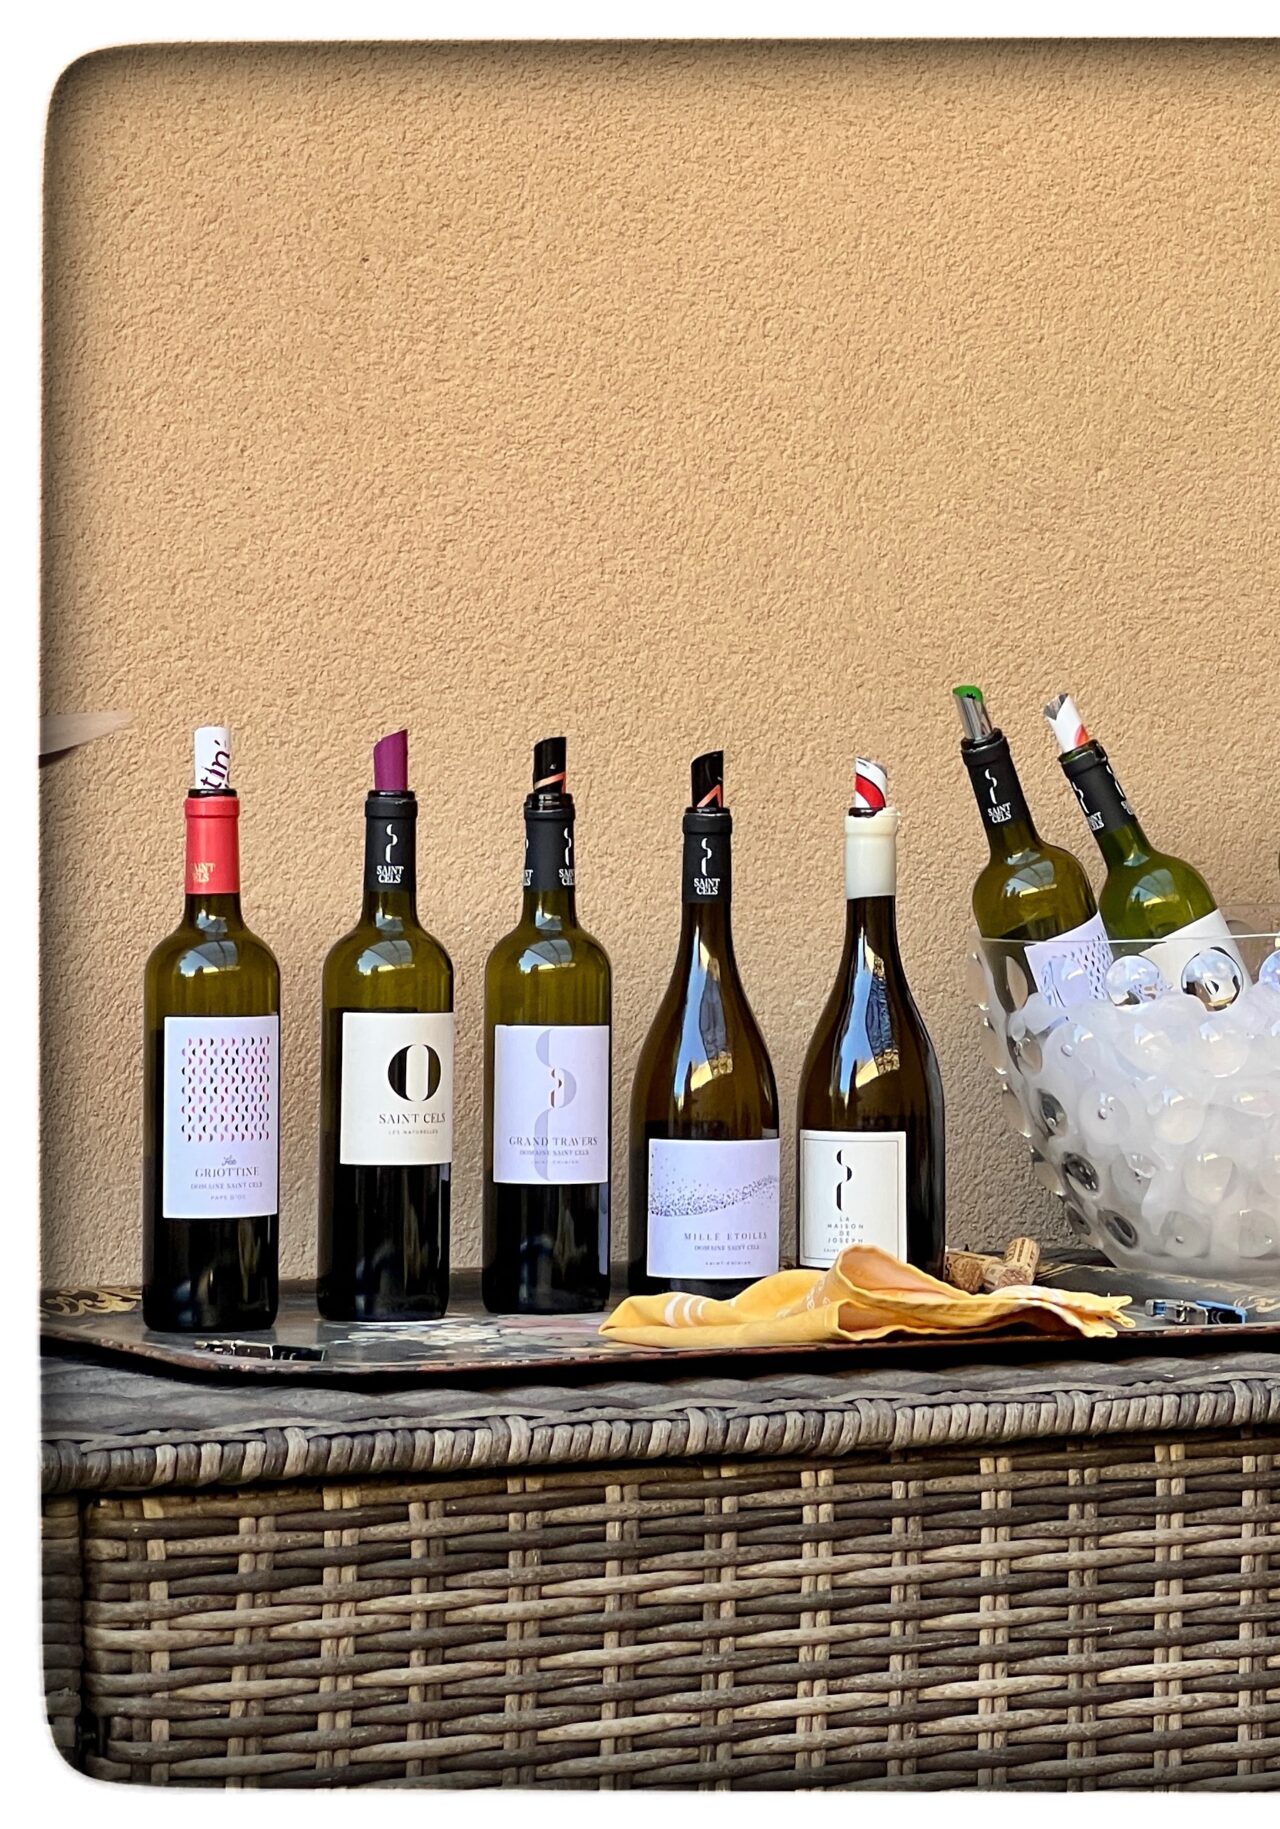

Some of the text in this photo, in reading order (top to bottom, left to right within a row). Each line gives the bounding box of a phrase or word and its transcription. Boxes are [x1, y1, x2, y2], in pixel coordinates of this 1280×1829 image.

[988, 802, 1012, 817] SAINT
[991, 811, 1012, 824] CELS
[376, 865, 404, 875] SAINT
[378, 874, 401, 883] CELS
[693, 877, 720, 888] SAINT
[696, 886, 718, 895] CELS
[379, 1113, 446, 1124] SAINT CELS
[509, 1136, 598, 1146] GRAND TRAVERS
[195, 1166, 260, 1178] GRIOTTINE
[684, 1233, 721, 1241] MILLE
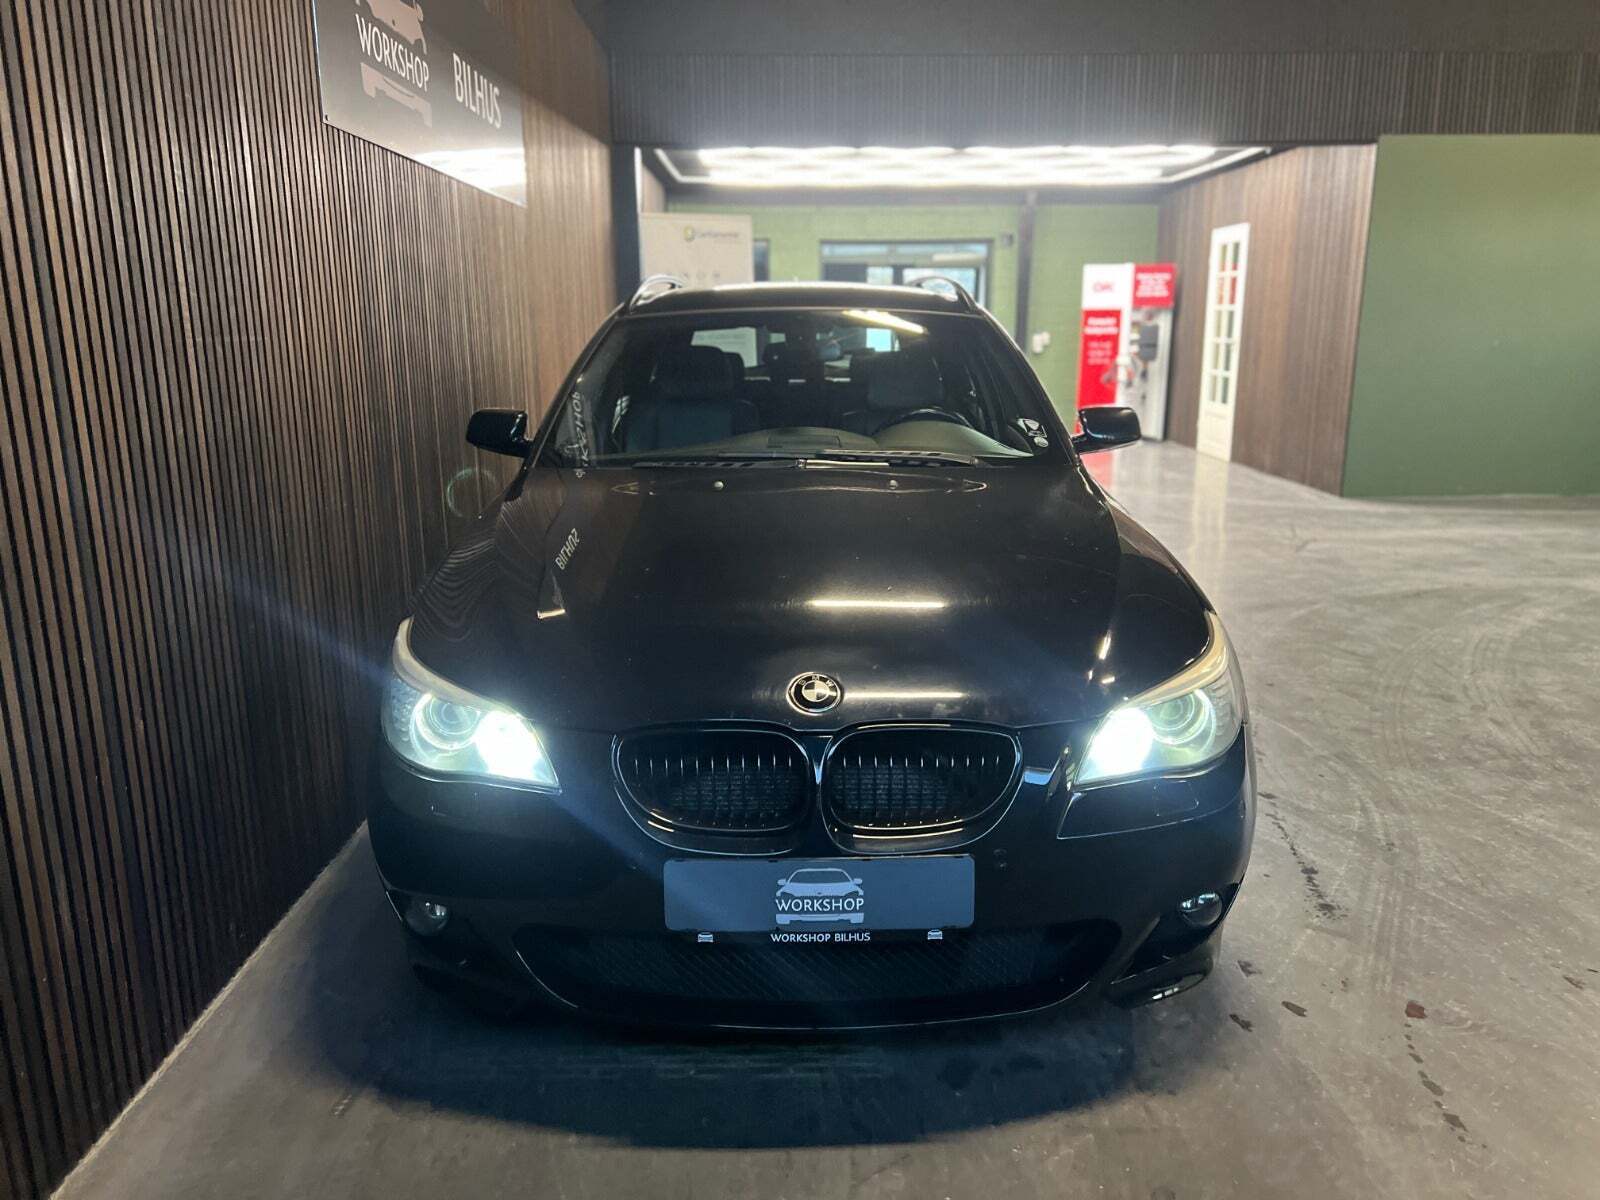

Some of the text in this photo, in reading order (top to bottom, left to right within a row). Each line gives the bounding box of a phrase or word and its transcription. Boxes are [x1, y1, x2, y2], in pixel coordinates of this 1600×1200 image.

Aim of the task: Return the data verbatim, leaving out the pictures it holds.

Expected answer:
Some of the text in this photo, in reading order (top to bottom, left to right within a row). Each line gives the bounding box of a phrase or word and its transcription. Boxes are [x1, y1, x2, y2], in pixel coordinates of this 1280×1829 image.

[988, 802, 1012, 817] SAINT
[991, 811, 1012, 824] CELS
[376, 865, 404, 875] SAINT
[378, 874, 401, 883] CELS
[693, 877, 720, 888] SAINT
[696, 886, 718, 895] CELS
[379, 1113, 446, 1124] SAINT CELS
[509, 1136, 598, 1146] GRAND TRAVERS
[195, 1166, 260, 1178] GRIOTTINE
[684, 1233, 721, 1241] MILLE

Some of the text in this photo, in reading order (top to bottom, left to right within a row). Each line gives the bounding box of a phrase or word and its transcription. Boxes are [x1, y1, x2, y2], in pixel coordinates of this 1600×1200 image.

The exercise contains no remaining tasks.